Pattern Classification: a Walkthrough Using a Simple Example

Can we recognize a person by his or her typing? Idea: Measure the timing of the keystrokes. Spot the differences between different persons.

Always a good idea: Start by recording the signals you want to examine into files. This makes it much easier to do experiments and tests. Later, when you know what you're doing, you can switch to real-time data processing. In our case, the recording software is KeyRecorder. It writes CSV files.

Another good idea: Visualize your raw data. Get an idea of what you have at your hands. Are there obvious patterns you can leverage? In out case, the CSV files are read by KeyExaminer, a software intended to be used as workspace for data exploration. A spreadsheet or special data analysis software may work as well.

The first idea is to display the average time difference and its fluctuation (technically: standard deviation) between all two pairs of keys. Average = sum of the items / number of the items. Standard deviation = sqrt(average of the square - square of the average). We see that many pairs of keys never occur (missing data, always tricky) and that only some pairs of keys occur so frequently that their average and fluctuation values seem to be reliable.

Thus, it seems to be reasonable to pick only the most frequent pairs of keys to get reliable data and to avoid trouble with missing data. We pick three pairs of keys, which reduces the dimensionality of our feature space from 64*64*2 to 3*2. (Times two because we look at both average and fluctuation.) A classical visualization for this 6D space are Parallel Coordinates: Draw (in this case) six parallel coordinate axes; for every data item create a polyline that connect the points representing its components on the axes. Hopefully, one can spot some clusters after plotting tens to thousands of items. Remember that in our case every item represents one recording of a certain user.

With the right set of features (here: the six values), the values that belong to a certain pattern (here: user/typist) form clusters in a space of low dimension (here: six).
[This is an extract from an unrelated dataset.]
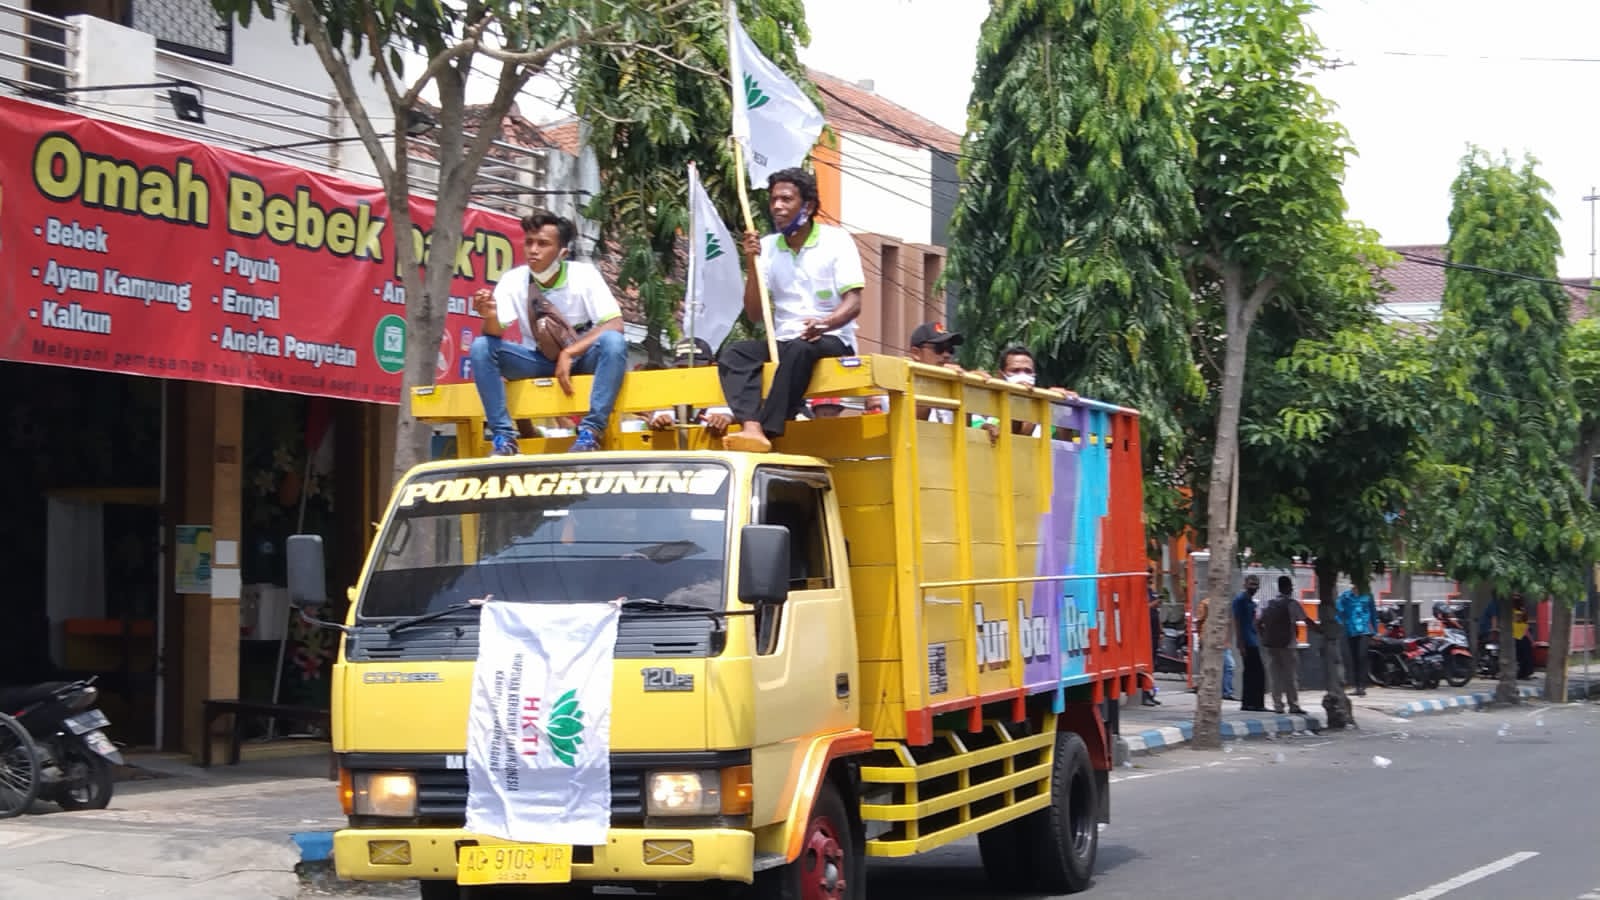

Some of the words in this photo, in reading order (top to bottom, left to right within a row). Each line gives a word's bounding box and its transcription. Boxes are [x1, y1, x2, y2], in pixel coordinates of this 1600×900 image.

The bulk of pattern classification is concerned with how to learn the form of such clusters during a training phase and afterwards classify new data as to which cluster/pattern it belongs to. The simplest approach is to determine the centroid of every cluster during training; to classify a new data point presented afterwards, one chooses the cluster with the closest centroid (nearest neighbor). Other approaches such as Neural Nets and Support-Vector Machines are much more sophisticated but accomplish essentially the same job. Nicely enough, these methods are available through function libraries that hide the ugly details.
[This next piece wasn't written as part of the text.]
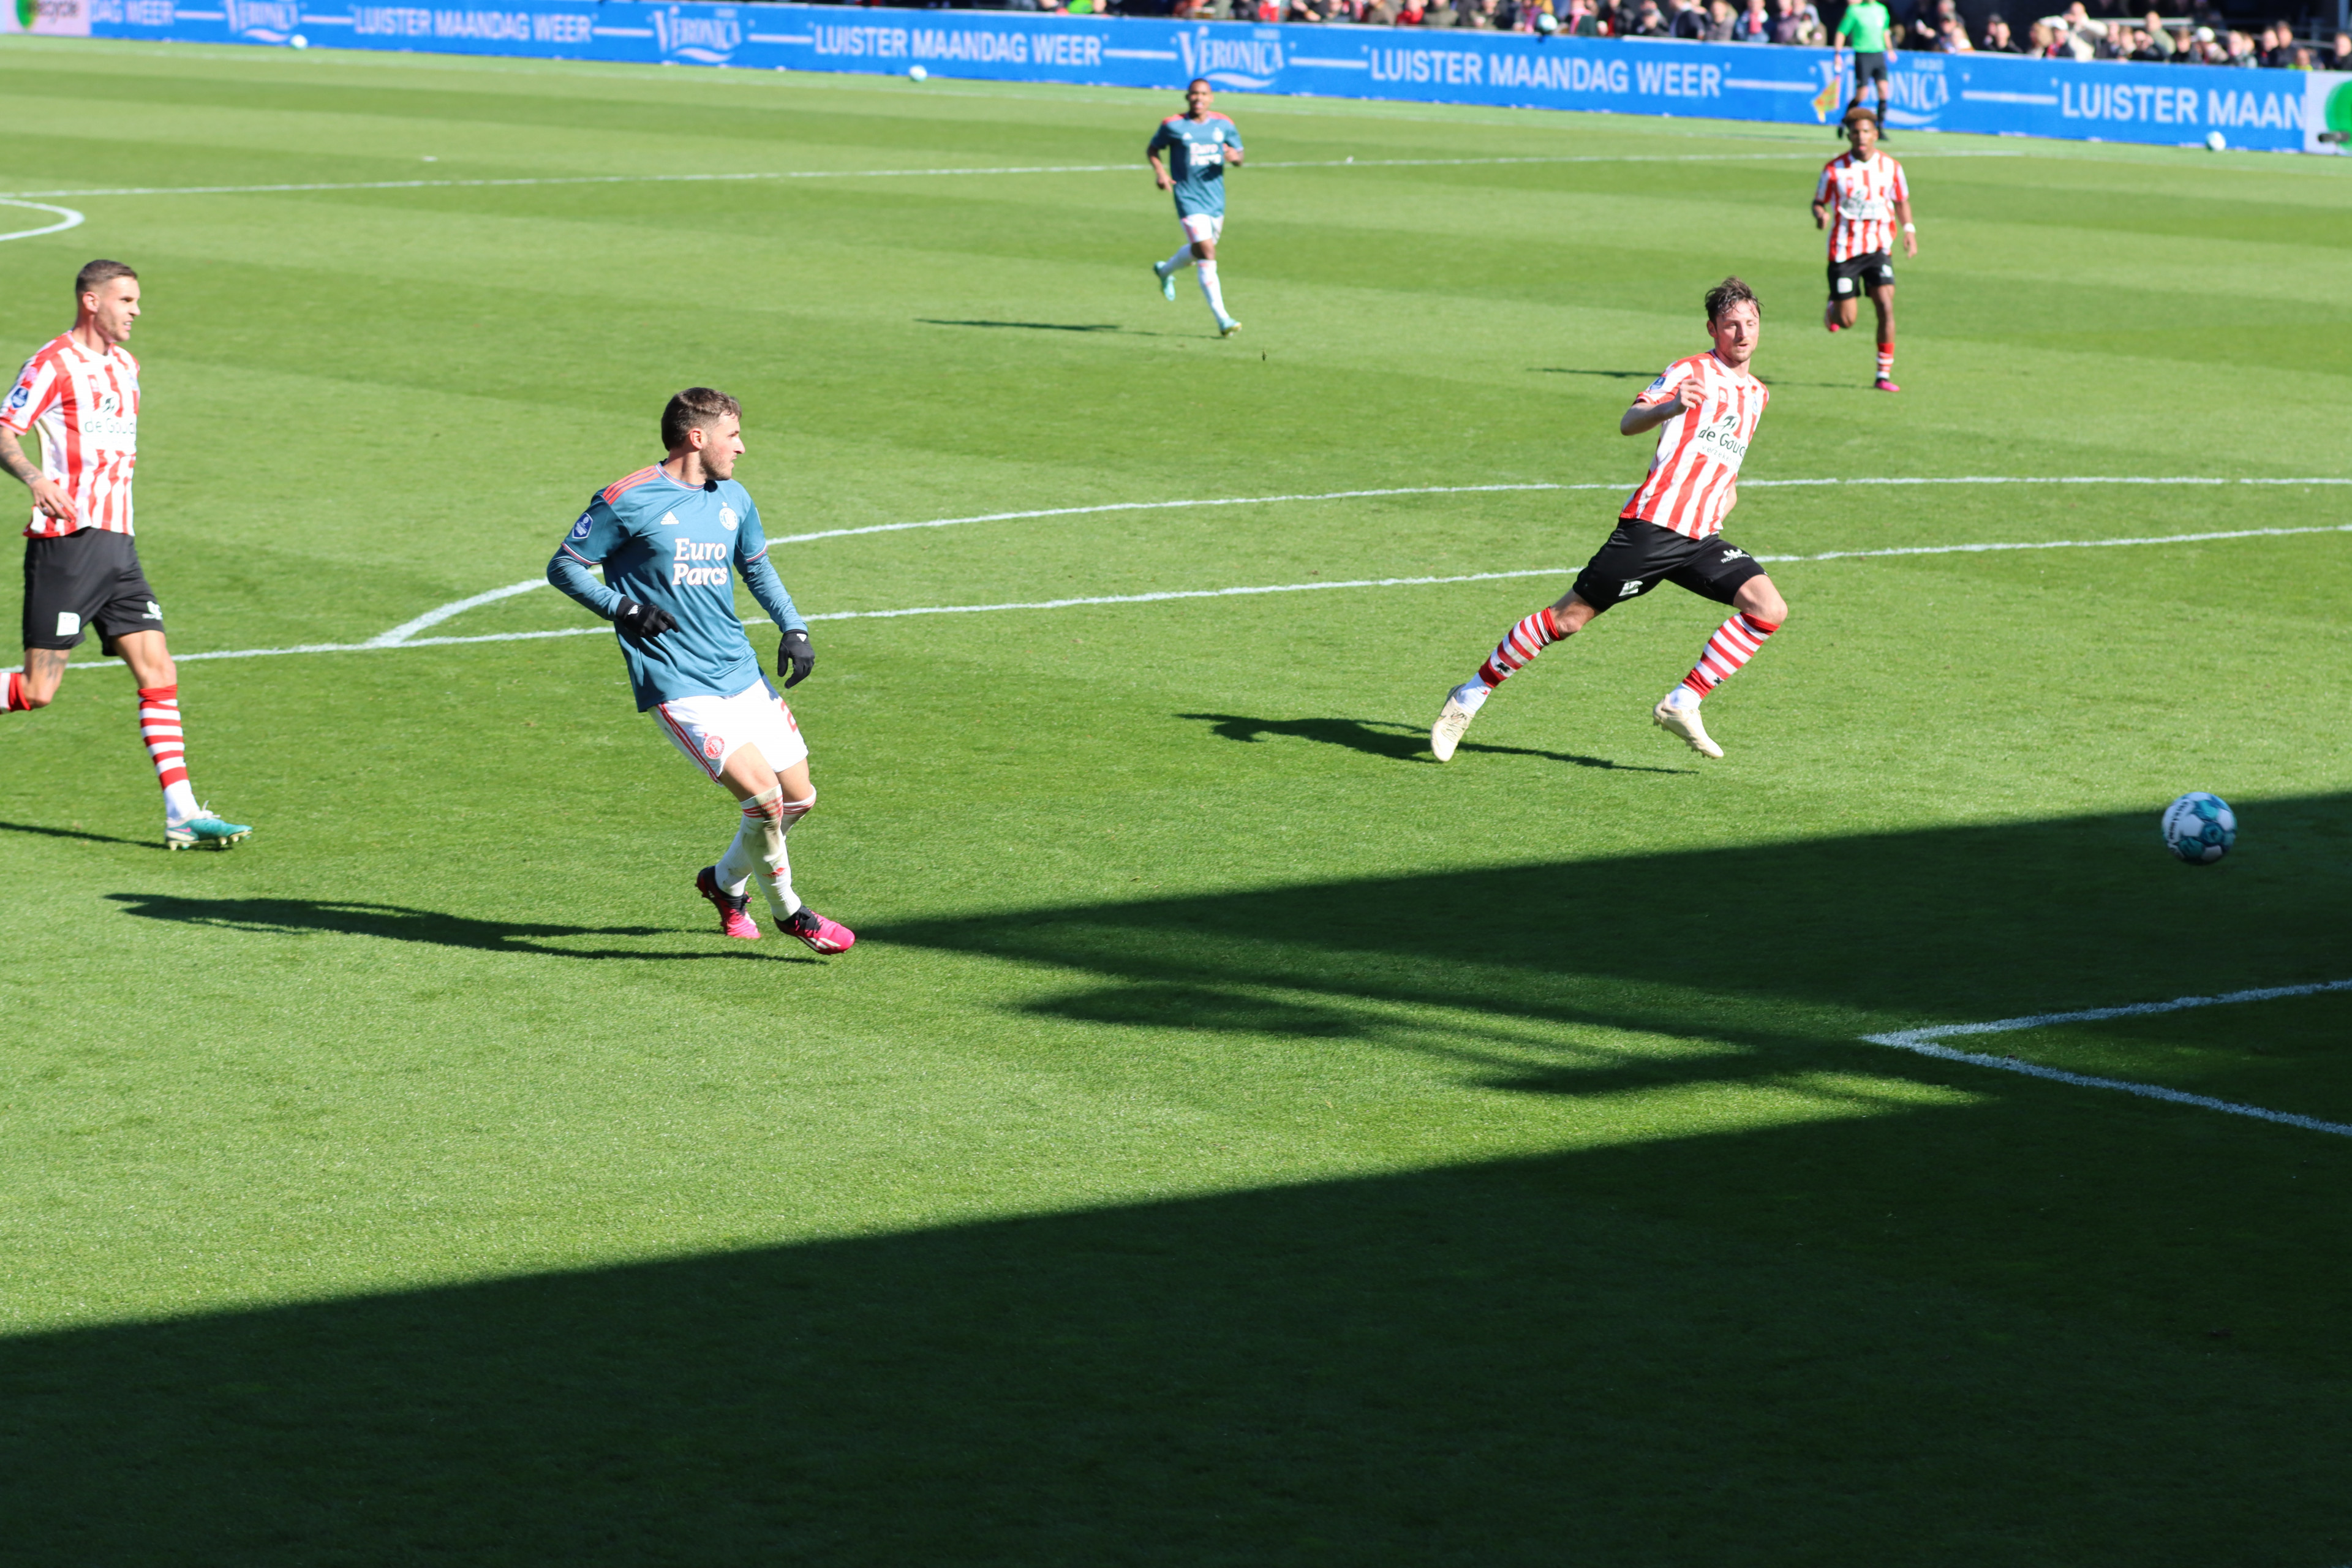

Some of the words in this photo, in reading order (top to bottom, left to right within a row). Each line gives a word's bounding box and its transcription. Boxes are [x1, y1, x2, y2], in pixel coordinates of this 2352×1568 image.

[1489, 54, 1629, 92] MAANDAG
[1698, 426, 1716, 442] de
[674, 538, 726, 560] Euro
[672, 563, 728, 586] Parcs
Of course, there are variations on this topic: Sometimes, a pattern classification algorithm may learn during its use. Additionally, pattern classification algorithms may need to take temporal order into account. For instance, speech recognition requires to find the sequence of phonemes that is the most plausible one in terms of acoustics (the recorded signal) and linguistics (the words that make sense). This is rather complex. To keep things simple, you would try to create features that incorporate temporal behavior and thus stick to the approach of static clusters in a low number of dimensions. One example for this is the (instantaneous) frequency of a signal. A general signal, however, is composed of a great or even infinite number of frequencies. The Fourier transform is employed to compute the spectrum of the signal. The spectrum tells you which frequency (x-axis) is present with which intensity (y-axis).